Lawmaker faces fight to refuse cost of living increase
HARRISBURG – Montgomery County’s newly elected representative Thomas Murt wants to forego an extra $1,425 in pay as he enters public office, but state House officials are saying he’s not allowed to do so. Murt said he has asked the House comptroller’s office to dock the 2 percent cost-of-living (COLA) increase from his salary, which went into effect Friday for the new legislative term.
Murt said he is uncomfortable with the $1,425 pay increase and, pressed by reform activists, became the first and so far only new member to pledge against taking it.
But he ran into a wall with the House comptroller’s office while trying to adjust his salary to the lower 2006 pay of $72,188.
“They said there’s no mechanism in place to refuse the raise,” said Murt, who is replacing Rep. Sue Cornell in Hatboro. “I haven’t even served one day in Harrisburg. I’m not even sworn in. I don’t see how I’ve earned a cost of living adjustment.”
House Chief Clerk Roger Nick said a lawmaker can’t decline a COLA.
“Counsel has determined that we are required to pay the salary provided by law,” Nick wrote in an e-mail. “Members cannot chose the salary they wish to be paid … Obviously, once received the member is free to do whatever he chooses to with the money.”
Murt says he’s putting the money, about $118 per month, into an escrow account until he finds a way to return the money to the Treasury or, eventually to charity, if no other solution is worked out with House officials.
“I don’t plan on spending the money,” said Murt, a business instructor and counselor at Penn State University at Abington and an Army reservist.
The situation is similar to that of state Superior Court Judge Joan Orie Melvin, who is suing the Administrative Office of the Pennsylvania Courts and the Treasury Department for not allowing her to take a pre-2005 pay raise salary. Melvin sued after the Pennsylvania Supreme Court in September reinstated judges’ pay. Court administrators said they were not authorized to pay an amount other than that provided by law.
Melvin could have returned the extra pay, after paying income taxes, to the Treasury Department. But she has said she didn’t want to be responsible for the extra incomes taxes, and a higher recorded salary would have also bumped up her pension.
Returning the money to the Treasury is an option for Murt as well, but not a payroll reduction, said Bruce Ledewitz, a Pennsylvania constitutional law expert and professor at Duquesne University in Pittsburgh.
“State government doesn’t have a mechanism for paying individuals an individualized salary,” he said. “I don’t think they have the legal authority to pay anyone other than what the law says to pay, however you determine that.”
But activist Gene Stilp called the situation an accounting issue similar to the return of unvouchered expenses.
“At first they said they can’t do it,” Stilp said. “Then they developed all kinds of ways of doing it in payment plans. This is a no-brainer.”
Stilp has sent pledge forms to all 55 new House and Senate members asking them to decline the higher pay. At a news conference Monday, he ceremoniously opened, from a sealed envelope, the first and only pledge to come back to him in the mail, revealing Murt’s name.

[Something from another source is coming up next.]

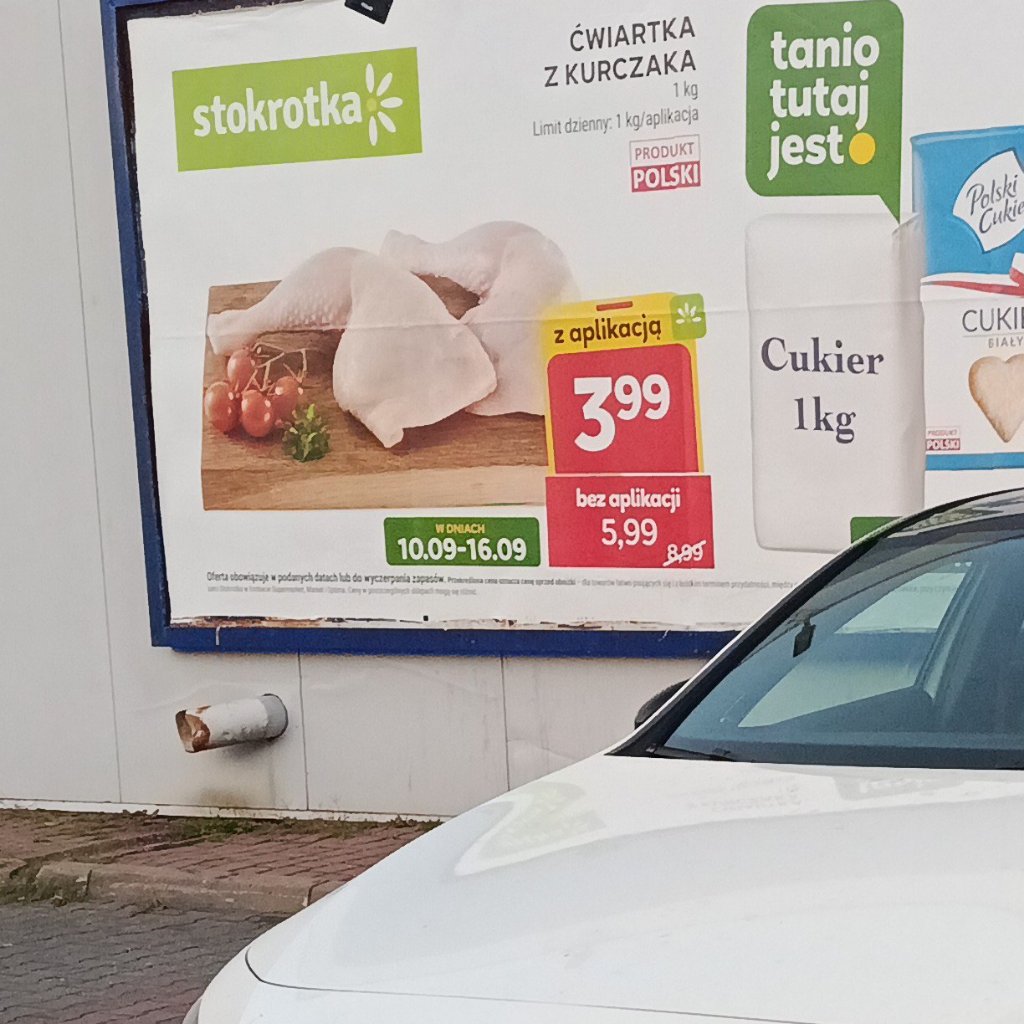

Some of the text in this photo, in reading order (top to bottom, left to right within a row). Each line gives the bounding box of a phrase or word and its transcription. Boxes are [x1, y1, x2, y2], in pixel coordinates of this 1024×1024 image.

On the phone, Murt said he’s not against having COLA increases and didn’t swear off taking one in the future if the economic climate is right.

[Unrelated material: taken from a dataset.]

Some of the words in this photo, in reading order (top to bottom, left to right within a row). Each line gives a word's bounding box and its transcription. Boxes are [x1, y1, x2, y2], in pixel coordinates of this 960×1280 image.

The automatic annual salary increases, pegged to the Philadelphia region’s inflation index, have been around since 1995 when lawmakers passed the measure as a way to avoid all other pay increases.
“If unemployment is up, if I don’t feel we’ve accomplished a whole lot, I’m going to feel awkward or uncomfortable taking a pay raise,” Murt said.
He said he’d rather not take credit by giving money to charity and will be looking for the best way to settle the issue when he gets to Harrisburg in January.
“This should not be rocket science for me to turn down the raise,” said Murt. “We can do this in industry in a heartbeat.”